City seeks grant for more firefighters
by Holly Astwood, Editor
2 years ago | 432 views | 0 0 comments | 2 2 recommendations | email to a friend | print
Up to three more firefighters may be manning the stations in the city, if a grant request approved for submission by City Council last night finds favor at the federal level.

The Staffing for Adequate Fire and Emergency Response (SAFER) grant is not a new program. In fact, City Council declined a SAFER award of $578,242 in 2008 that would have hired six new firefighters. However, the grant guidelines were much different at the time, and the city leaders less sure of the increasing income that would be required in the waning years of the grant to fund those added positions.

The original grant request in 2007 asked for six firefighters in order to add one person at each shift at both city fire stations. This was to better comply with industry safety and response standards. The original program was funded on a five-year schedule and the federal funding declined to zero by year five.

The current request is slimmed down in all respects.

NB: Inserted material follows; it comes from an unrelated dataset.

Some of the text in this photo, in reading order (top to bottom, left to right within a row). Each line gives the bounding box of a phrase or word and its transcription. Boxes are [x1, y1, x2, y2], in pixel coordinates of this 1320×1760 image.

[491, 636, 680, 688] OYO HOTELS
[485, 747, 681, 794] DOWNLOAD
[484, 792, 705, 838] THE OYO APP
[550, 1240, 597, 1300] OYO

City staff sought permission to request funding for up to three positions, and the revamped grant is for three years. Using stimulus funding, the federal government has redone SAFER to be a three-year program with 100 percent funding for the first two years and zero in year three. The grant-accepting entity would be responsible for funding the personnel and retaining them in year three. The cost of wages and benefits for three firefighters for one year is approximately $116,000.

New City Manager Jeff Shacker said he asked Fire Chief Keith Minick to come up with a “creative solution” to achieving satisfactory staffing levels, while sticking to the three firefighter cap. Lowering the number of personnel requested combined with a brightened economic picture due to development at the I-26/Highway 219 interchange and more expected seemed to turn the case for council.

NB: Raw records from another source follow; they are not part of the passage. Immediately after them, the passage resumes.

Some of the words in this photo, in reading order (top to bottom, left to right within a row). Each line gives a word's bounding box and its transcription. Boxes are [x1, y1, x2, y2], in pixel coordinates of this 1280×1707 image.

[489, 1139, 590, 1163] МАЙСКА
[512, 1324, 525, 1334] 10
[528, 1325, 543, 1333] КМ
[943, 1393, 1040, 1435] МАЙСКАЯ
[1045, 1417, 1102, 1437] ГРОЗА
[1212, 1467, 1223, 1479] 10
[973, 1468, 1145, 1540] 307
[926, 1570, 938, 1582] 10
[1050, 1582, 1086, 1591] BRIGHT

Council Foster Senn pointed out that the Love’s Truck Stop and the Holiday Inn Express at the interchange are “off to a good start,” adding that when the city annexed that area, the “Catch-22 is, we said those would be well-covered with police and fire.”

The city projects earning $235,000 in new money from hospitality and accommodations tax collections, property taxes and business license fees from the two businesses in the fiscal year 2010-2011. Shacker proposed putting some of that new revenue toward funding the firefighter positions beginning in fiscal year 2011-2012 when the SAFER grant would stop footing the bill.

Mayor Ed Kyzer expressed hesitancy to spend hospitality and accommodations tax monies on programs that are not tourism-related. When the two-cent tax was added citywide, tourism was the only purpose it could be collected for, although state law has since changed allowing up to 20 percent of collections to be spent on other government functions.

“I just have a hard time wanting to spend accommodations income on public safety,” Kyzer explained.

But ultimately, council voted unanimously to allow city staff to apply for the grant. It is due to the federal government by Dec. 18. News of whether the grant request was successful should come in the spring at which point the council will decide whether to accept it or not.